ISPC is obtained by reprogramming ordinary differentiated cells with an already given function so that they become stem cells again. Then almost any other cells can be obtained from them, including organoids that mimic brain tissue and even separately the cerebral cortex. Moreover, it was previously shown that studies on such organoids are identical to experiments on a real brain.
The scientists selected the previously known human-specific ARHGAP11B gene, active mainly in the precursor cells of neurons in the neocortex of the human fetus, and forced it to be expressed in the cells of the brain organoids of chimpanzees. This led to a doubling of the number of precursor neurons that play a key role in the expansion of the neocortex.
The organoid of the chimpanzee brain is about 3 millimeters in size. Ordinary stem cells are colored red, stem cells that have received the ARHGAP11B gene are colored green.

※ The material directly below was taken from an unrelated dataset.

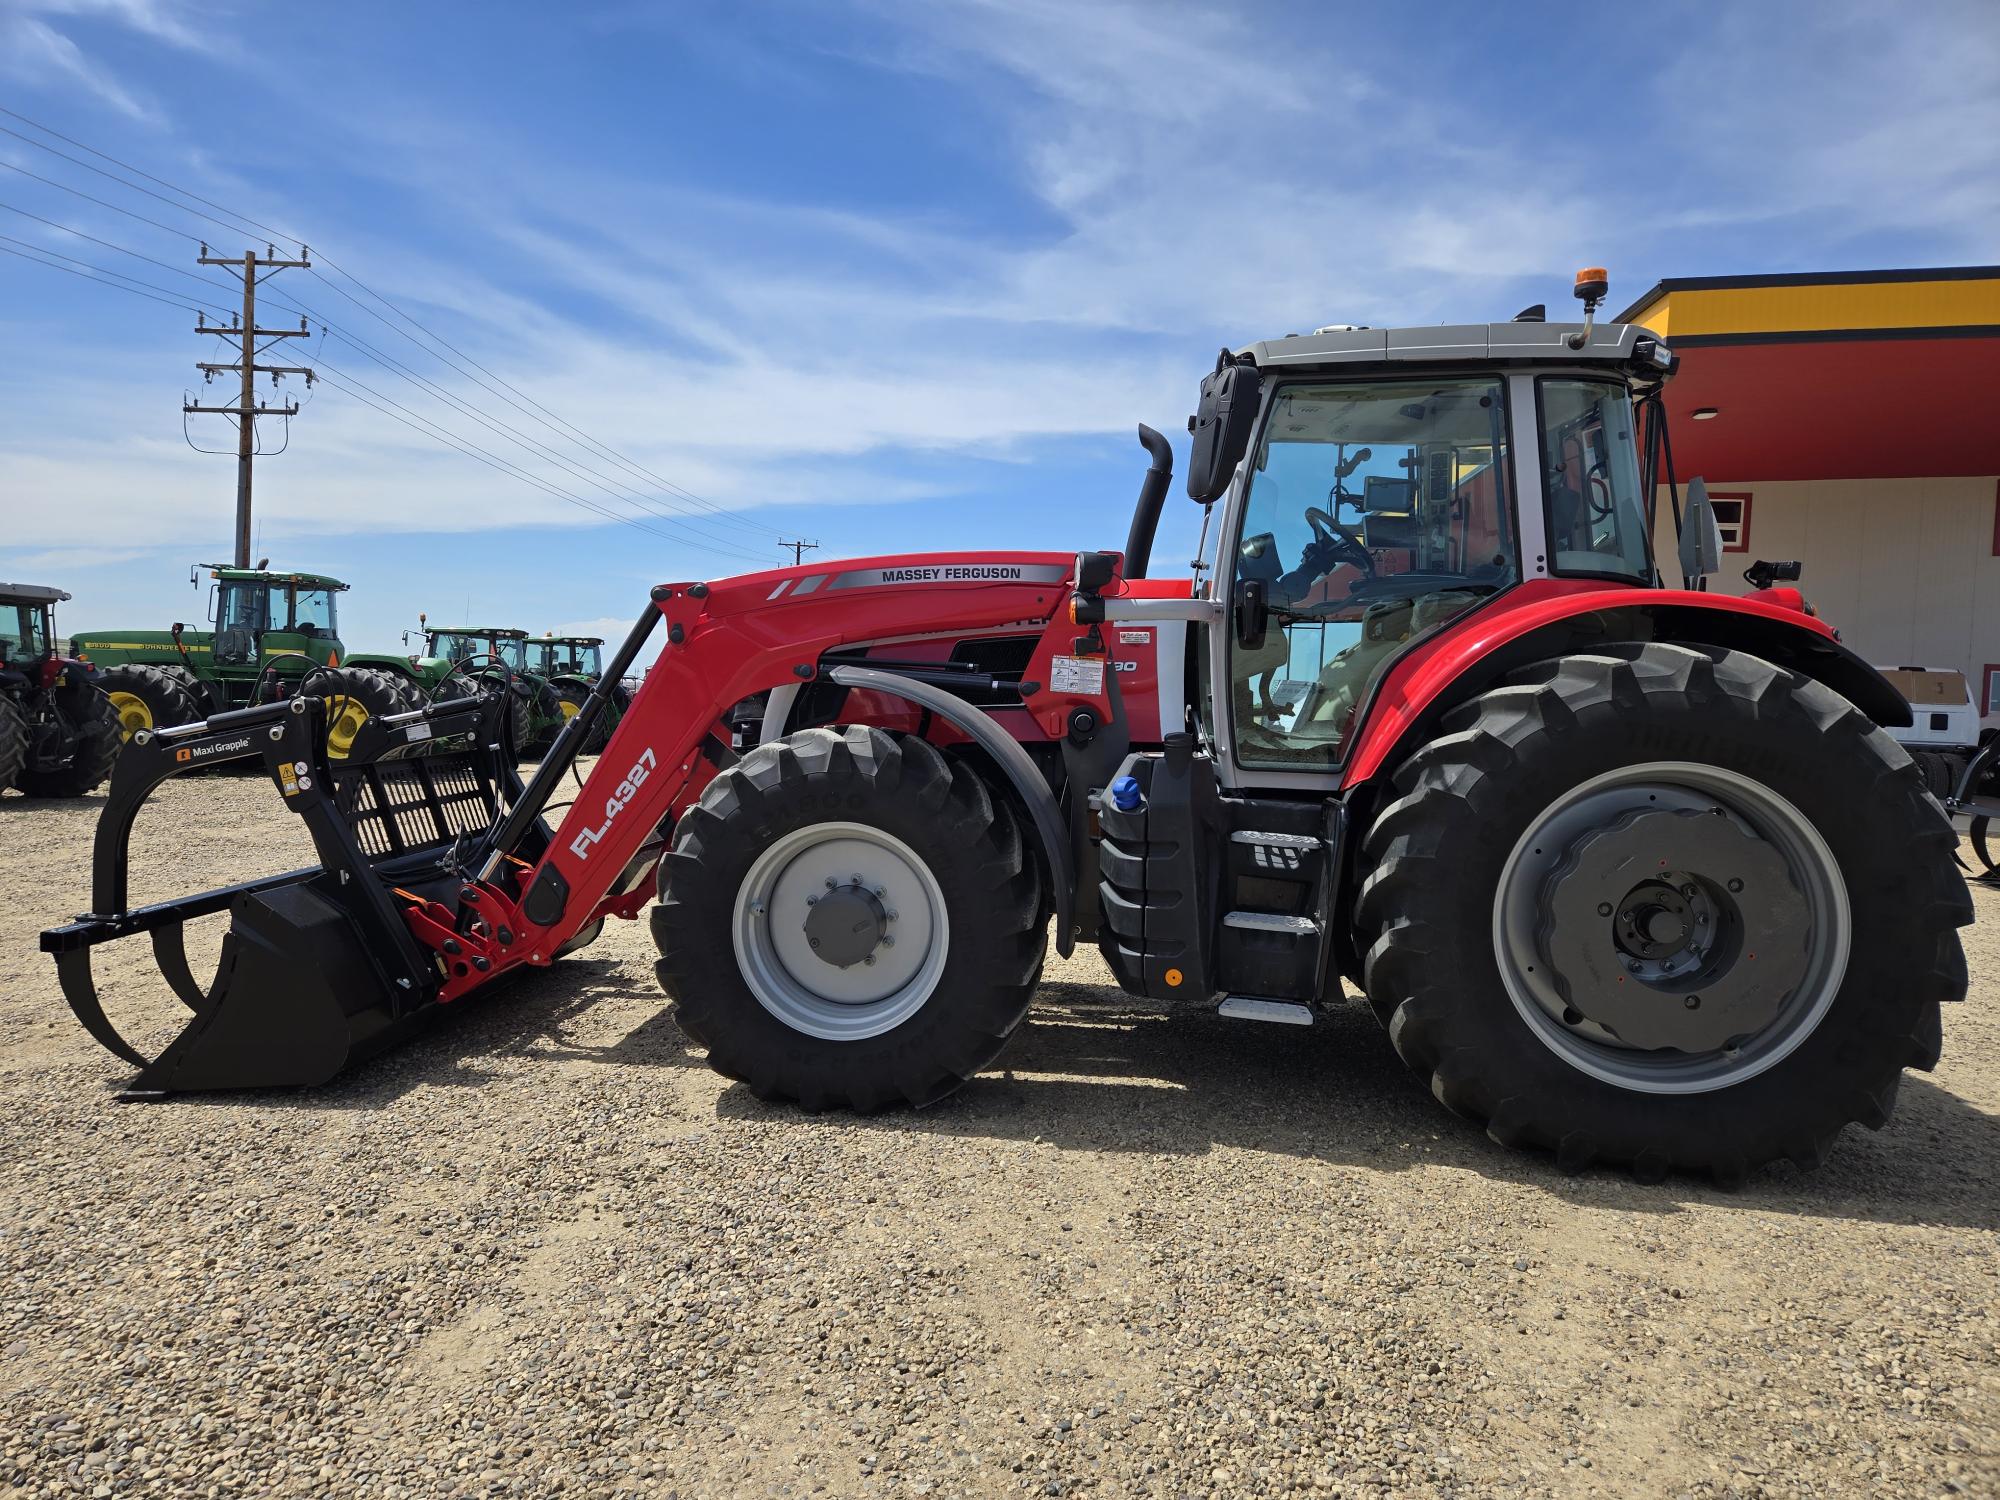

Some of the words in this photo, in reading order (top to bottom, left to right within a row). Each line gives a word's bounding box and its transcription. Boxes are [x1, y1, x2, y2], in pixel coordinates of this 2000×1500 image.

On the other hand, by blocking the expression of this gene in human brain organoid cells, the researchers reduced the number of neocortex neuron precursors to the level of chimpanzees. Moreover, blocking the similar but not identical ARHGAP11A gene, which is much more common among many animal species, does not lead to such drastic changes.
It is assumed that the ARHGAP11B gene appeared as a result of partial duplication (doubling) of the ARHGAP11A gene about 5 million years ago and further mutation of this copy. Perhaps it was these mutations and the subsequent expression of ARHGAP11B that played a key role in increasing cognitive abilities and human evolution.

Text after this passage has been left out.